Tuesday, June 02, 2009

Welfare too low, Campbell says, but no action promised

Gordon Campbell has discovered that the province's low welfare rates are hurting people and communities.
A bit late, in terms of the poverty problem in the province, but still welcome.
Or it would be, if there was a clearer sense that the government is prepared to do something about it.
Campbell's epiphany has come as more and more British Columbians are being thrown out of work. They are either unable to access employment insurance benefits or have used up their benefits.
The next step, for those who qualify, is welfare.
Campbell is pressing the federal government for two main reforms to employment insurance. Most attention was paid to his call for a uniform standard across Canada. Right now, people in high unemployment areas can get benefits after fewer weeks of work and for longer periods than those who lose their jobs in low unemployment areas. A laid-off forestry worker on north Vancouver Island, for example, can collect benefits for up to 47 weeks. In Victoria, benefits last 43 weeks. In Cape Breton, 50 weeks. The number of weeks required to earn eligibility are also lower in areas where unemployment is greater.
That's wrong, says Campbell, especially now. There is no place in Canada where it's an easy matter to find new work. Treatment should be equal. Some regions would lose, and some gain, under a standardized system.
But Campbell went farther in his pitch for change.
It's important to head off a flood of out-of-work people falling on to welfare, he said. The federal government should reach a deal with B.C. The province will send chip in what it would have spent on welfare on each person; the federal government should add money to that and keep them on employment insurance for up to two years.
Why? Campbell made the case in an op-ed column in The Globe and Mail.
"Income assistance is clearly the last social safety net into which any worker wants to fall," he wrote. "Not only are the monthly benefits often less than those payable under EI, but those who are forced to go on welfare risk entering a cycle of dependency that is tough on families, communities and our economy."
He's right. An employable single mom with two school-age children on welfare receives about $650 a month, plus up to $660 for accommodation. (Where can a family of three live in this region for $660 in rent?) That's $150 a week for food, clothes, transportation, birthdays, everything for three people.
But Campbell's government has maintained this is adequate and touted successful efforts to help some people find work.
Now, he's not sure.
"The reality is that as long as a worker is on EI, they tend to have more hope about their eventual job prospects and the temporary nature of their predicament," he wrote. "Many workers are now faced with the reality or prospect of exhausting their EI benefits - and they're scared."
And what they're scared of is a "bleak" financial future and the chance they will "wind up on welfare."
Campbell is right about the bleakness and hopelessness of life for many, or most, welfare recipients in B.C.
And his bid to try and get the federal government to top up welfare payments, at least for new recipients, is worth a try. The Harper Conservatives have proven willing to step up with taxpayers' dollars to meet regional deeds, as the automakers' bailouts have shown.
But, as Campbell points out, there is only one taxpayer, whether the money comes from the federal or provincial government.
The government has kept rates low because a "bleak" existence was an incentive for diligent job hunts.
Campbell acknowledges diligence isn't enough right now. It's hard to see a justification for deciding some unemployed people deserve additional income, while leaving others to suffer under income assistance rates the government acknowledges are destructive.
Footnote: It's a bold move for Campbell, who has followed a policy of playing nice with whoever is prime minister. Further EI changes have been rejected by Harper and supported by the federal Liberals. The B.C. government's bid for reform and additional benefits is bound to strain relationships at least a little.

1 comment:

Dawn Steele said...

Wait a minute - What Campbell is really saying is that people who can't find work due to the latest downturn are basically decent people who deserve a decent cushion, whereas those who were unable to work before are slovenly bums who deserve nothing better than the miserable, impossible existence that his own provincial welfare system so grudgingly affords.

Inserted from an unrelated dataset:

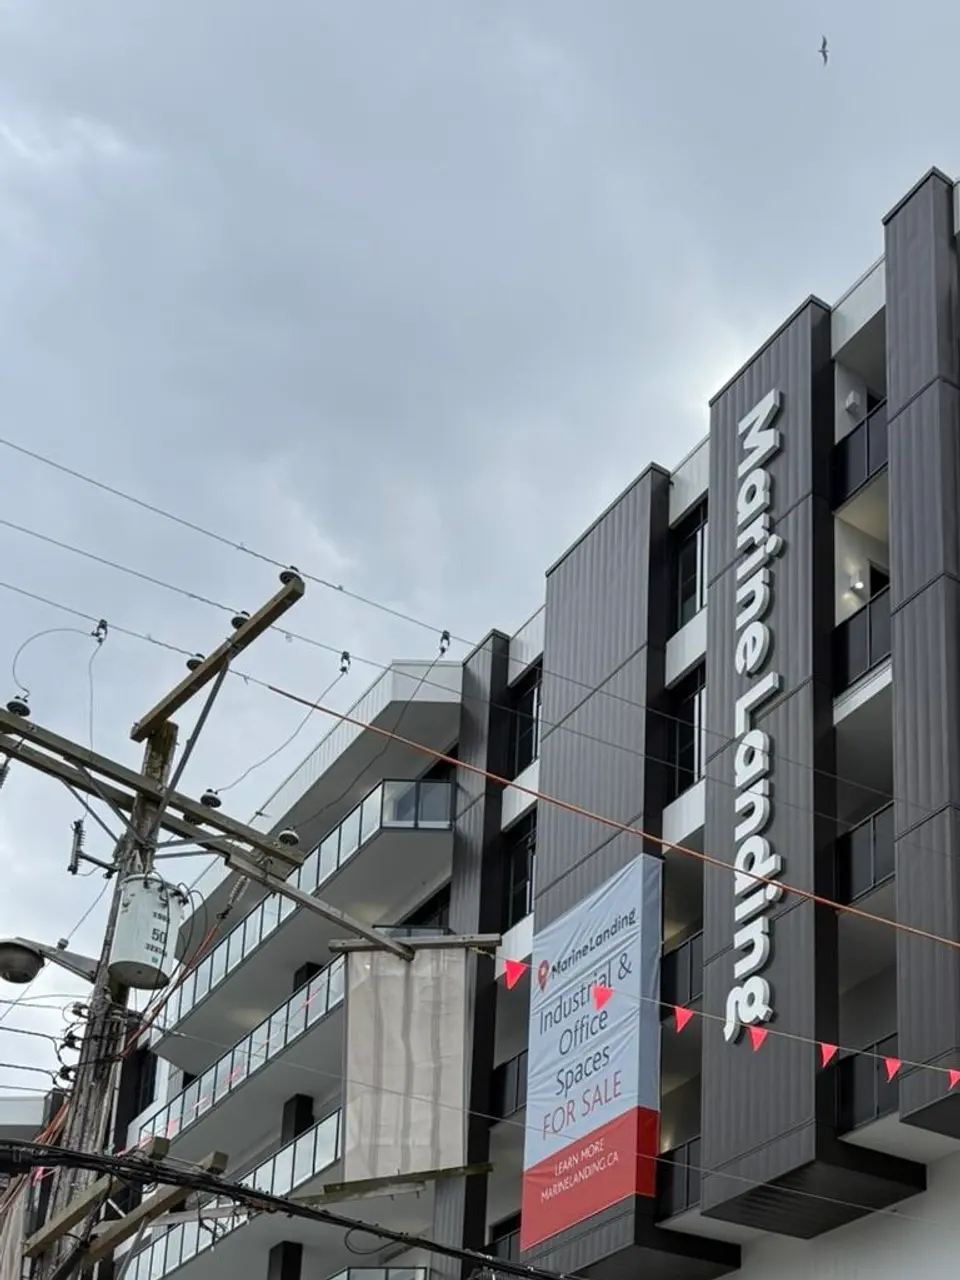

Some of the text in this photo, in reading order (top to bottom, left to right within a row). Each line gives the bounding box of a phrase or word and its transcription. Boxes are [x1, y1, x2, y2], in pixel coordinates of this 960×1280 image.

If he were not making such an ugly value judgement between those who face long-term vs short-term barriers to employment and self-sufficiency, why wouldn't he just increase welfare rates for all instead of asking Ottawa to increase EI.

He holds all the power he needs to solve this problem and he's not the one already shouldering a $50 billion deficit. And after all, as he notes, it's the same taxpayer picking up the bill.

Apart from trying to pass the buck to Ottawa for what is in effect our own problem and his own responsibility, Campbell's solution has another utterly cynical angle. It would allow him to avoid higher provincial deficits and welfare stats, both of which would provide ample political fodder to mock his oft-touted claims to superior economic management.